27 courtes pages ! Il s’agit en fait d’un manuscrit retrouvé et publié par les Editions Corti en 2023, 16 ans après la mort de Julien Gracq.
»On peut se demander pourquoi le manuscrit reproduit dans cette édition, avec son titre sur la couverture, paginé avec soin, qui semble prêt à être imprimé, n’est jamais arrivé entre les mains de José Corti. Peut-être le texte a-t-il semblé trop resserré à Gracq pour envisager une publication séparée, sans qu’il trouve cependant sa place à l’intérieur d’un autre volume. Si, en 1942, la plupart des poèmes de « Liberté Grande » sont écrits, le recueil ne pouvait absorber la forme narrative de « La Maison » … »
Le narrateur, « je », situe délibérément les choses pendant l’occupation allemande. Il explique qu’il avait coutume – presque chaque semaine - d’effectuer en autocar le trajet de V… à A… (on nous commente dans la postface que V… pourrait bien être Varades et A… Angers, l’identification du « je » à Julien Gracq ne paraissant donc pas aberrant).
Et pendant ce trajet, une vision l’obsède, à chaque passage, celle d’une villa, perdue dans une friche, entourée de bois, qui n’aurait rien à faire là …
»Inattendue certes, car, dans ce pire coin de campagne sourde et muette, elle figurait assez bien, vue de la route, une de ces villas de prétentieuse et médiocre apparence que le siècle commençant a multipliées sur les plages de second ordre. La maison, trop haute pour sa largeur, était comme écrasée entre deux avant-corps qui faisaient légèrement saillie sur la façade et s’encapuchonnaient, sous un auvent d’ardoises très saillant soutenu par des boiseries grossièrement sculptées, de deux pignons aigus forés chacun, assez haut au-dessus du toit de la façade, du trou noir d’une fenêtre ouverte. »
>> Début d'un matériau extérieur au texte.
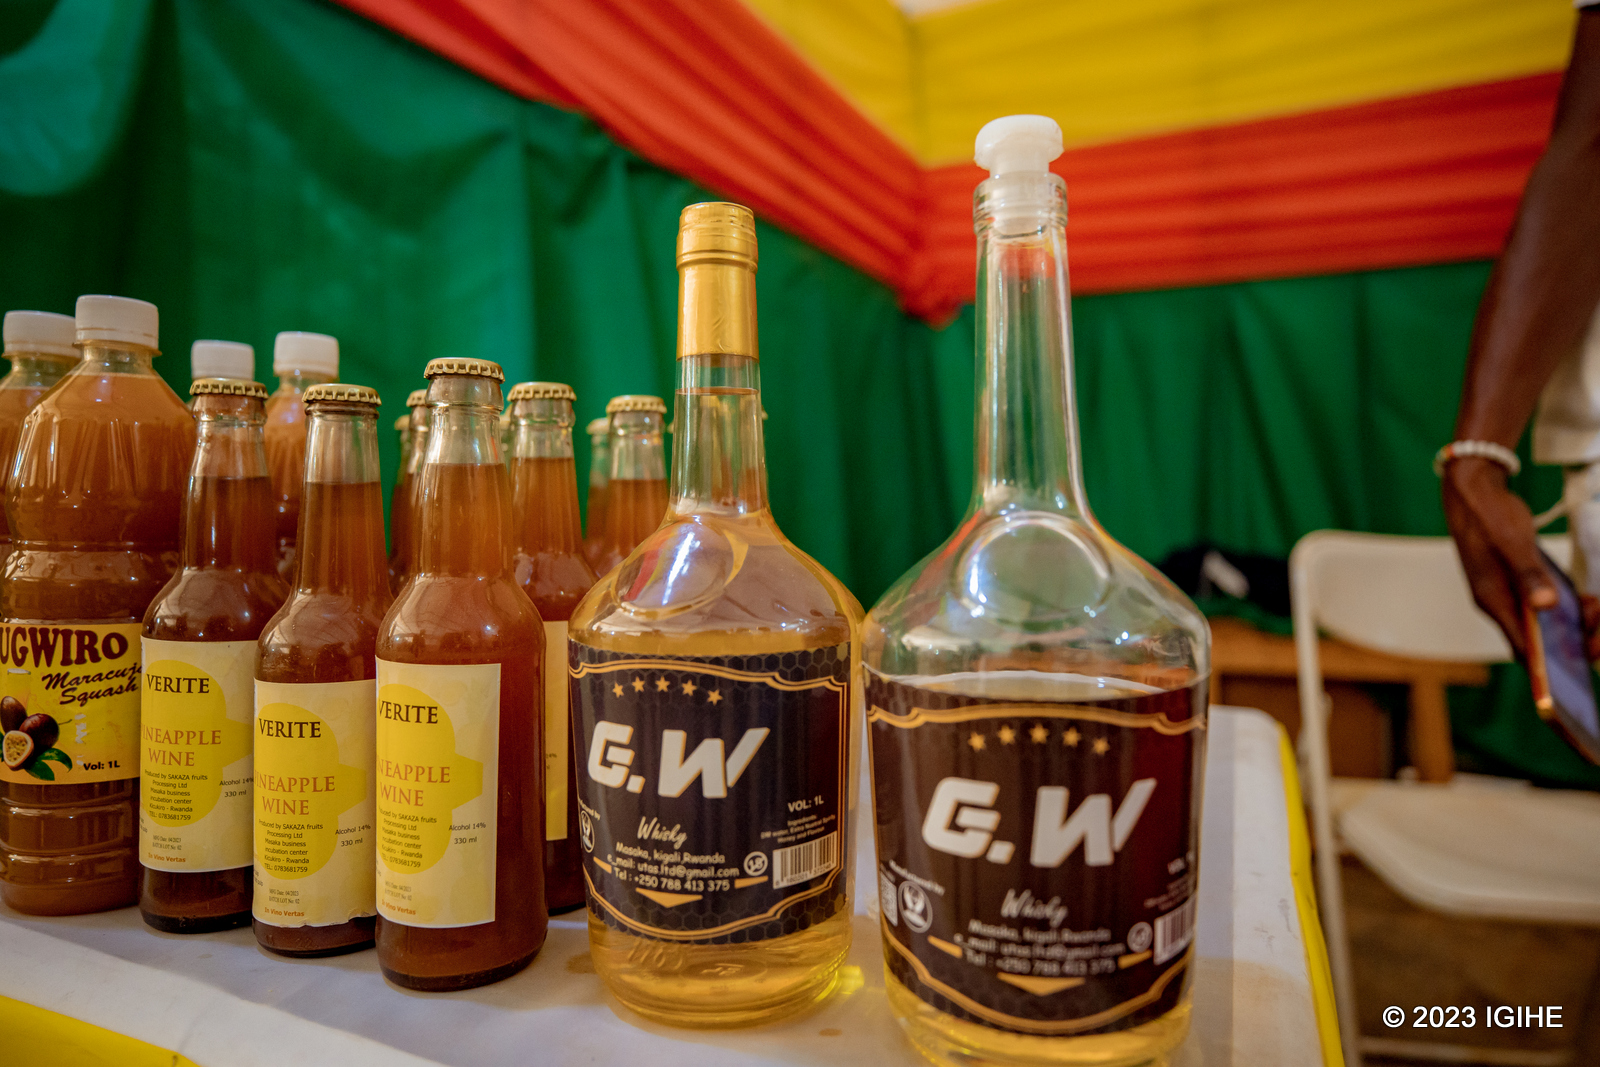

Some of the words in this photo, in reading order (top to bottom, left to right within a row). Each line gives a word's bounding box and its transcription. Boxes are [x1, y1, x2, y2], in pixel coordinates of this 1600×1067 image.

[0, 627, 128, 668] UGWIRO
[146, 674, 209, 693] VERITE
[59, 677, 139, 707] Squash
[258, 718, 321, 738] VERITE
[148, 747, 195, 767] WINE
[587, 720, 771, 799] G.W
[83, 761, 105, 771] Vol:
[107, 760, 121, 769] 1L
[152, 779, 177, 789] Processing
[178, 780, 188, 788] Ltd
[219, 778, 241, 786] Alcohol
[150, 787, 166, 795] Masaka
[166, 788, 191, 796] business
[380, 781, 424, 807] WINE
[262, 796, 309, 815] WINE
[788, 799, 812, 813] VOL:
[814, 795, 824, 806] 1L
[398, 813, 419, 822] SAKAZA
[420, 816, 437, 824] fruits
[921, 776, 1157, 868] G.W
[335, 827, 356, 835] Alcohol
[358, 824, 371, 832] 14%
[449, 823, 470, 831] Alcohol
[637, 816, 687, 850] Whisky
[267, 830, 292, 839] Processing
[397, 832, 420, 840] business
[265, 838, 281, 846] Masaka
[401, 850, 422, 858] Rwanda
[616, 842, 651, 861] Masaka,
[389, 856, 421, 868] 0783681759
[635, 873, 658, 888] +250
[660, 877, 681, 891] 788
[684, 879, 704, 892] 413
[707, 880, 730, 892] 375
[271, 908, 282, 916] Vino
[386, 902, 396, 911] Vino
[397, 904, 416, 915] Vertas
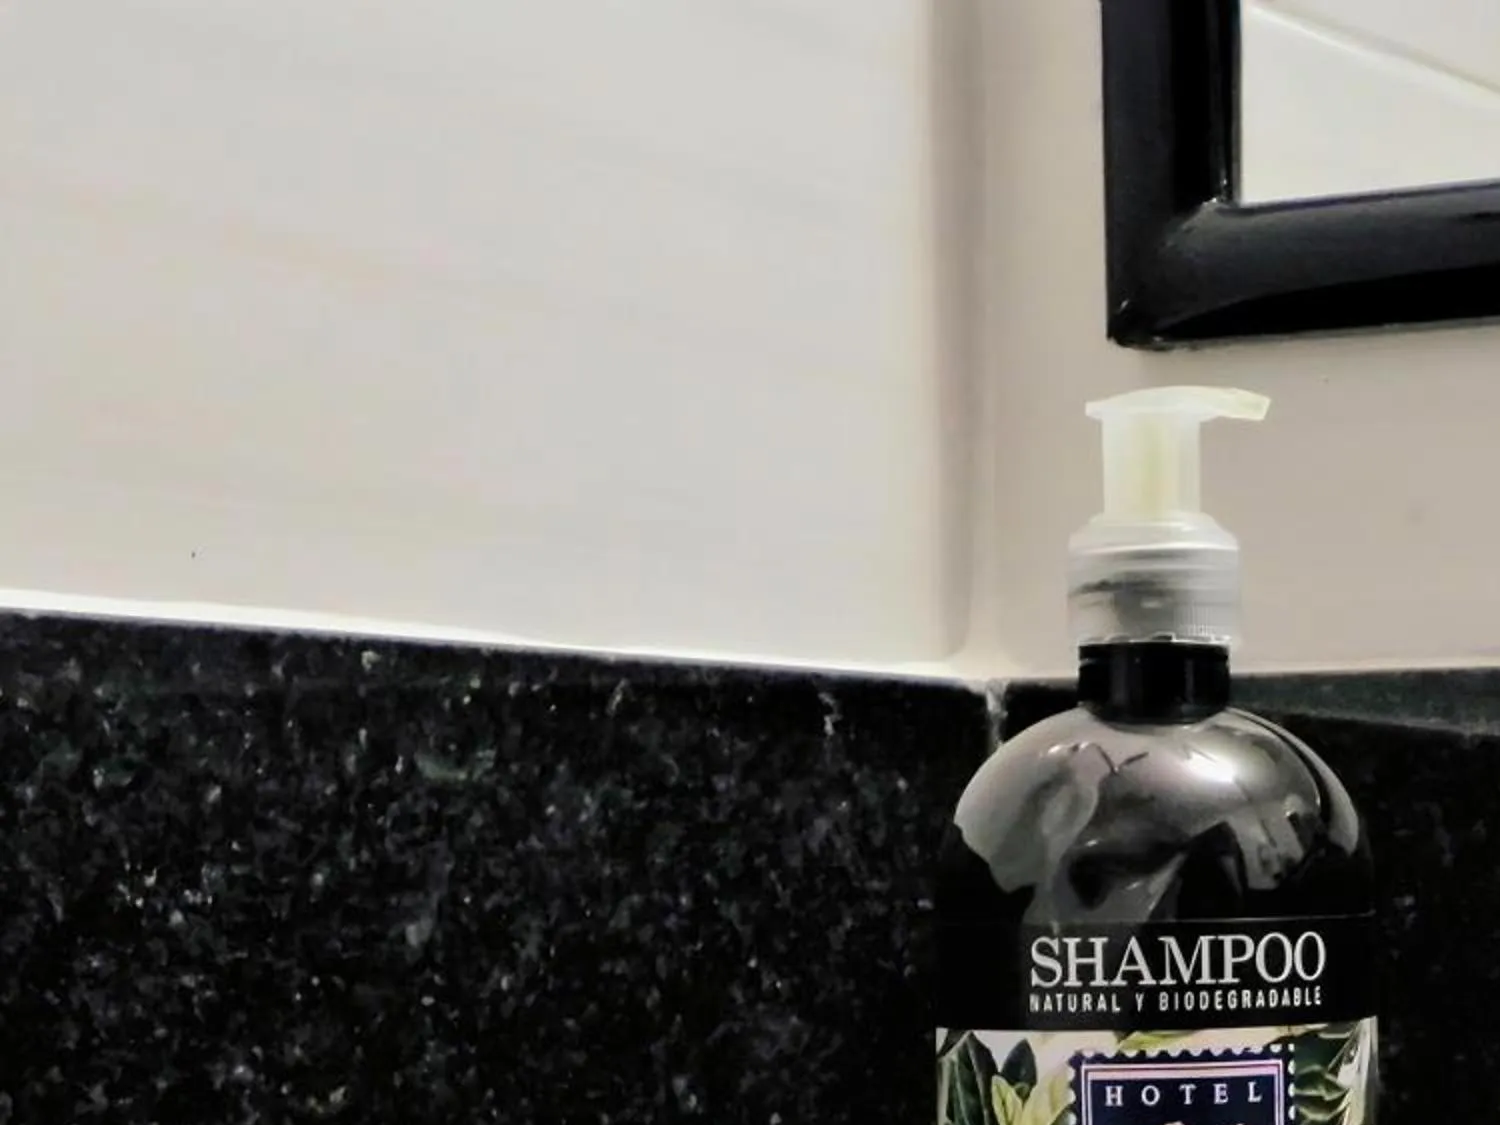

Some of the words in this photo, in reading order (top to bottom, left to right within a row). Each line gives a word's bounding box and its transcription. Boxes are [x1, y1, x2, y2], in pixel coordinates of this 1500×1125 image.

[1030, 932, 1326, 988] SHAMPOO
[1029, 992, 1121, 1013] NATURAL
[1136, 993, 1145, 1012] Y
[1159, 986, 1322, 1011] BIODEGRADABLE
[1105, 1081, 1263, 1107] HOTEL
La suite sera la rencontre du narrateur avec cette villa, un non-évènement que Julien Gracq parvient à rendre captivant, nous immergeant totalement, de par son style foisonnant et d’une extrême richesse de vocabulaire, dans l’environnement ensauvagé de la ruine et dans la perspective d’une rencontre qui aurait pu avoir lieu. Pas simple mais on est chez Julien Gracq aussi !
La comparaison du style de Julien Gracq d’avec la production littéraire actuelle est saisissante. Et pas en faveur de ce qui s’écrit actuellement !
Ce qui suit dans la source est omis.